時給1500円以上へ、公契約条例への賃金条項の導入を

 この間、京都市は、クリーンセンターや上下水道施設の運転監視業務はじめ、あらゆる分野で民営化を進めてきました。学校の給食調理についても、さらに40校で民間委託しようとしています。給食調理員さんは、単に給食をつくるにとどまらず、栄養教諭とともに食育を担っています。それにもかかわらず、ある給食の民間委託先では、現場で働く労働者の皆さんの時給は1010円とされ、最低賃金ギリギリです。低賃金の押し付けは「改革」でも何でもありません。その上、委託先企業に問題が生じた場合、たちまちそのサービスが長きにわたって停止することはホーユーの経営破綻により痛感したではありませんか。民間の調理員と栄養教諭とが緊密な連携をとろうと思えばたちまち偽装請負になりかねません。労働の低賃金化を招く民間委託の拡大方針は撤回すべきです。また、すでに多くの京都市の業務が民営化されており、そうした現場で働く民間労働者の皆さんが将来に希望をもって働ける処遇に改善するべきです。公契約基本条例に「賃金条項」を盛り込み、京都市が発注する事業においては時給1500円以上、または、設計労務単価の90%を保障する規定を設けることを求めますが、いかがですか。

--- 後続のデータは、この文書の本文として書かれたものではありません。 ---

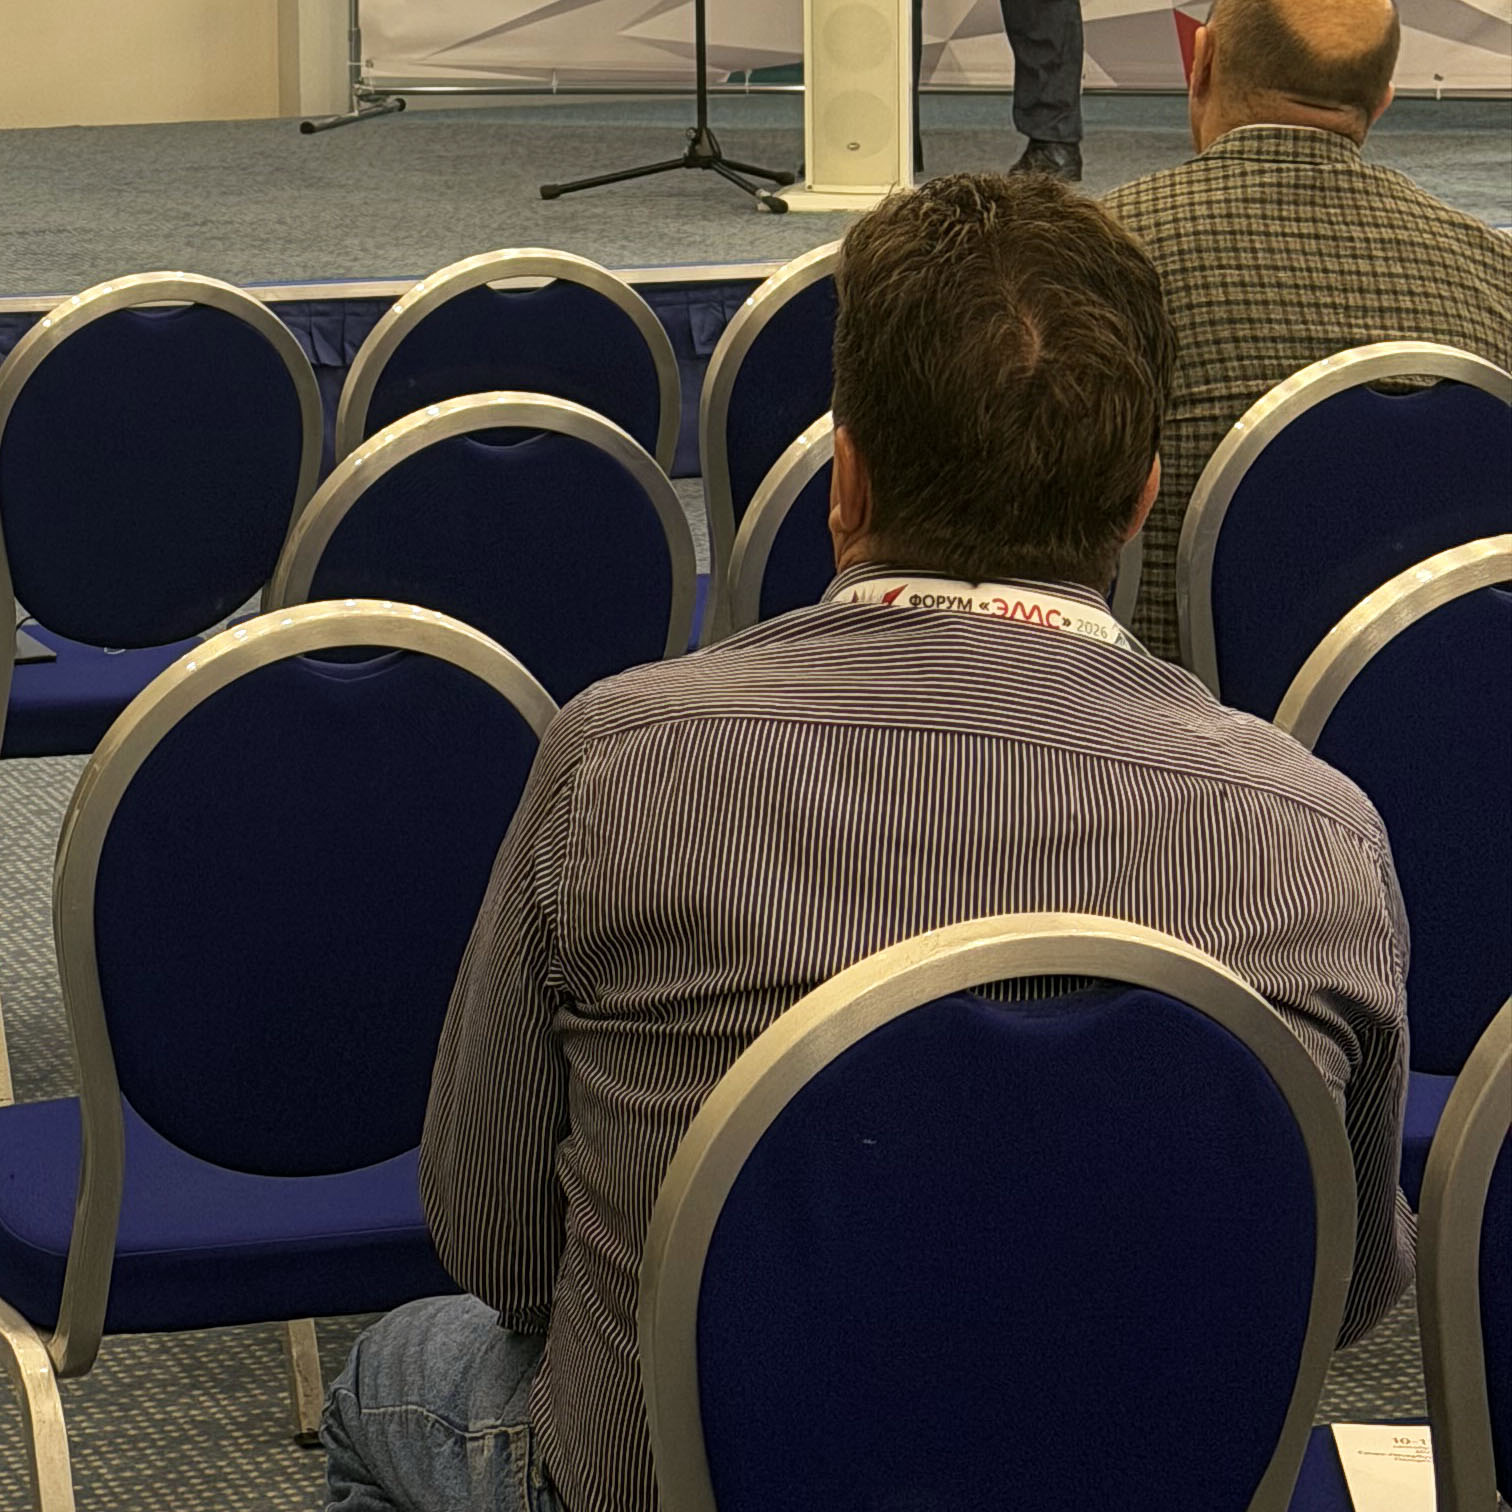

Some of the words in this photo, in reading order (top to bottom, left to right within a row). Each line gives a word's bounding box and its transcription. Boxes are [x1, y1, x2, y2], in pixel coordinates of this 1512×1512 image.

[909, 593, 973, 612] ФОРУМ
[979, 597, 1072, 629] «ЭМС»
[1076, 618, 1109, 639] 2026
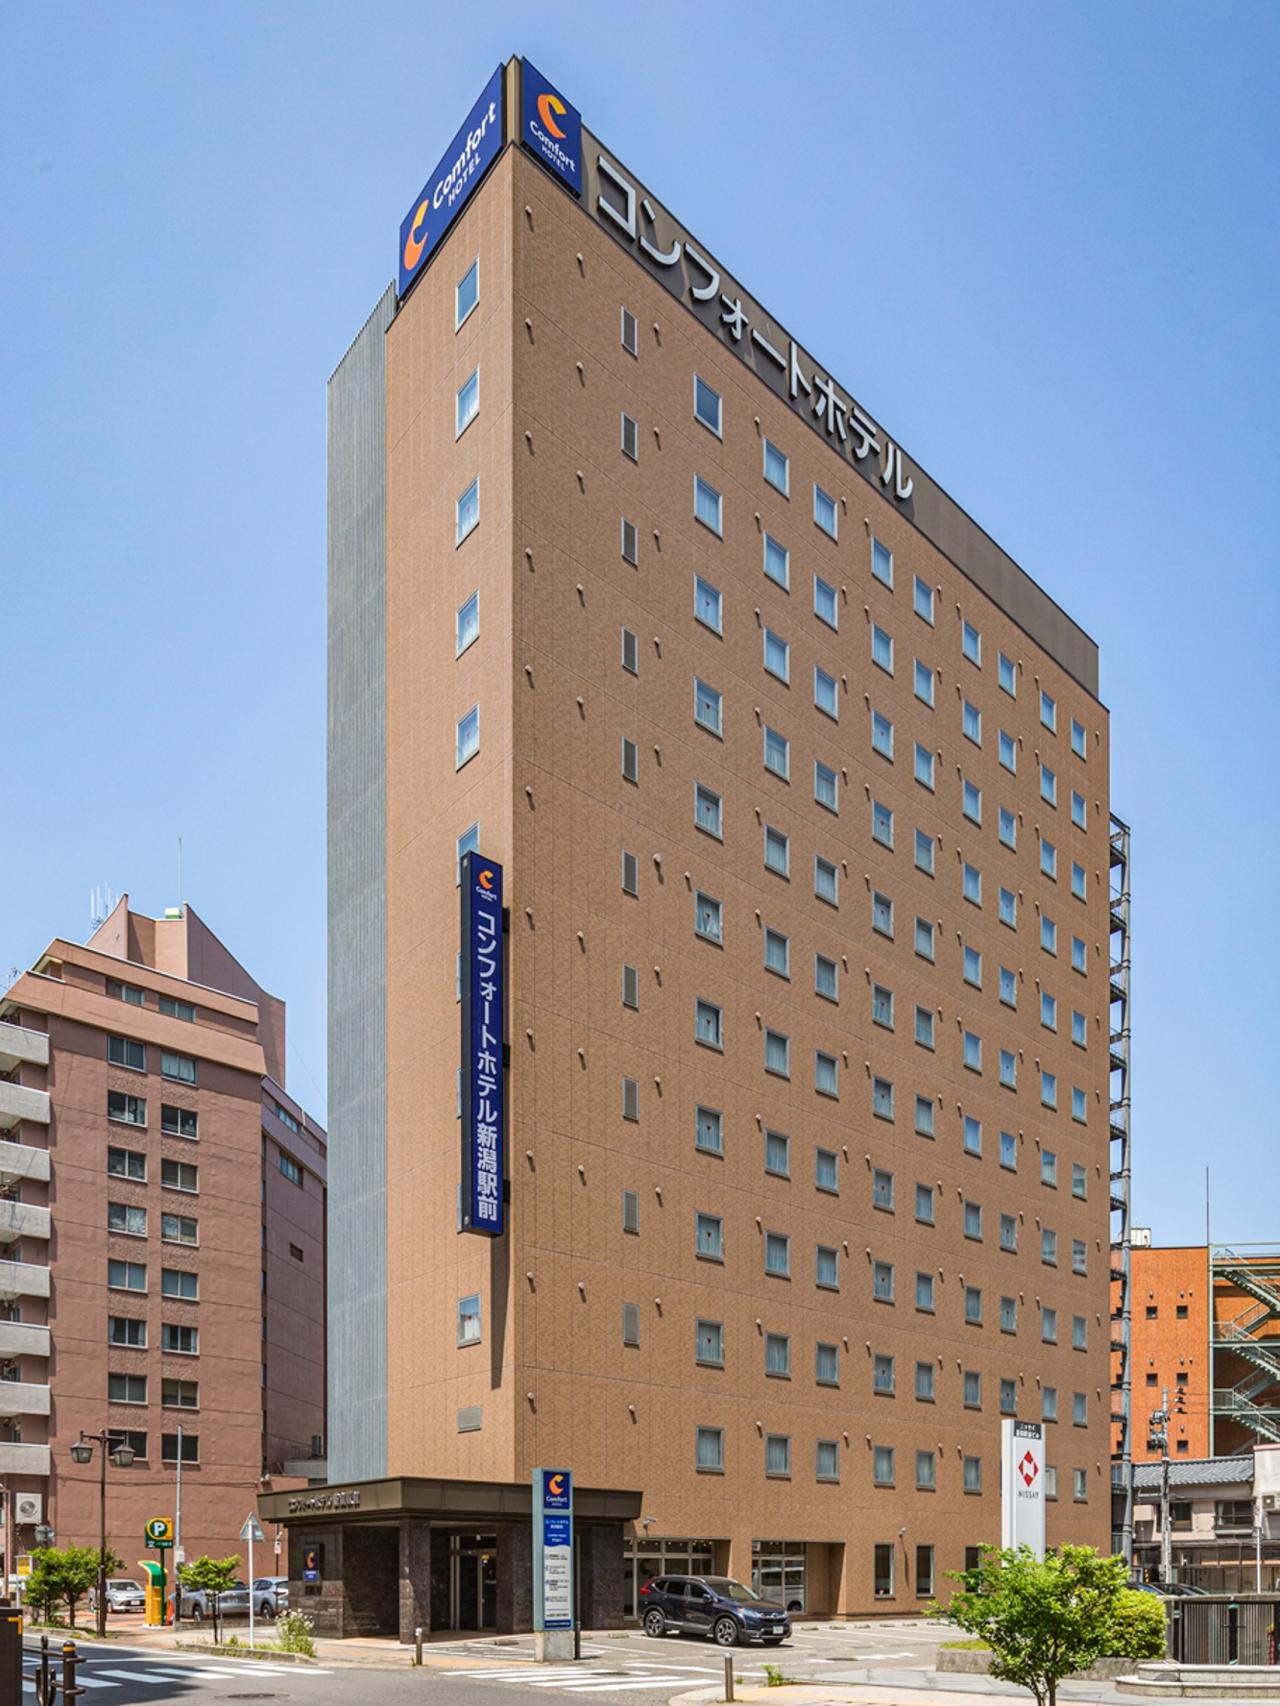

【答弁→行財政局長】 本市では、民間活力の導入により業務の効率化と市民サービスの向上を図っている。公契約基本条例に基づき、労働者の賃金を含め、公契約に従事する労働者の適正な労働環境の確保に努めている。
 公契約基本条例の賃金条項については、多くの団体等から意見を聴取した結果、賛否両論があったこと、賃金は労使間の契約により定められるべきものであり、必要な規制は法律が基本であるなど総合的に勘案し、導入しなかったものであり、現在も同様の認識である。

2.全員制の中学校給食の実施方法は再検討を

 次に、全員制の中学校給食の実施方法についてです。
 松井市長は、塔南高校跡地に給食工場をつくり、2万6千食を一括調理し、63校に配送する方式ですすめると主張されていましたが、私どもが応援した福山和人さんは学校調理方式での実施、他のお二人も巨大給食工場ではなく学校調理や複数センターを組み合わせる方式を主張されていました。この3人の票を合わせると、松井市長を大きく上回ります。
 加えて、市議会には「塔南高校跡地への巨大給食センター建設の見直しと自校方式給食の可能性を求める請願」が提出されており、各会派においても様々な意見が出され、慎重審議中です。
 1月には、1万1千人余りの保護者・市民の皆さんから、「学校調理での全員制中学校給食を求める要望署名」が教育委員会に提出されました。遠くの給食工場ではなく、学校の中でつくった方が、出来立てを提供できるので、おいしい給食になります。煮崩れや麺が伸びる心配もないので、豊かな献立になります。
 さらに、栄養教諭を配置するための国の予算をより多く確保できるため、学校生活の中で豊かできめ細かな食育ができます。アレルギー対応の充実や地産地消の給食を、今後、展望しても、小回りの利く学校調理方式が優れています。
 一方、給食工場で一括して給食をつくる方式をとっている埼玉県八潮市では、集団食中毒が発生し、原因究明のためすべての学校で4か月間給食が止まりました。こうした危機管理や災害対応の点でも、1ヶ所の給食工場で賄うという考えは、あまりにも危険です。市長選挙と市議会での議論の状況を踏まえて、巨大給食工場一ヶ所で実施する現行計画については、再検討すべきと考えますが、いかがですか。
 ここで一旦答弁を求めます。

【答弁→教育長】 全員制中学校給食は、他都市で実績がある専門の調査会社から自校調理方式は9割以上、親子調理方式は7割以上の中学校で実施困難なことや、開始時期やコスト面等から給食センター方式が総合的に優れていると報告を受け、学識経験者やPTA代表らの検討会議の論議も経て、昨年11月給食センター方式で実施する基本方針を決定した。
 他都市の食中毒事例は、厚生労働省の審議会において、本来徹底すべき基本的な衛生管理が遵守されていないことが原因と指摘されており、実施方式に関する課題への言及はなく、本市が実施した調査報告書でも、給食センター方式が他の方式よりも高度な衛生管理や効率的・効果的な整備・運営が可能とされており、計画変更の予定はない。引き続き、給食センター方式の利点を活かしつつ、センター内に2つの調理工程ラインを設けるなど安定した運営体制の構築に向けスピード感を持って取り組んでいく。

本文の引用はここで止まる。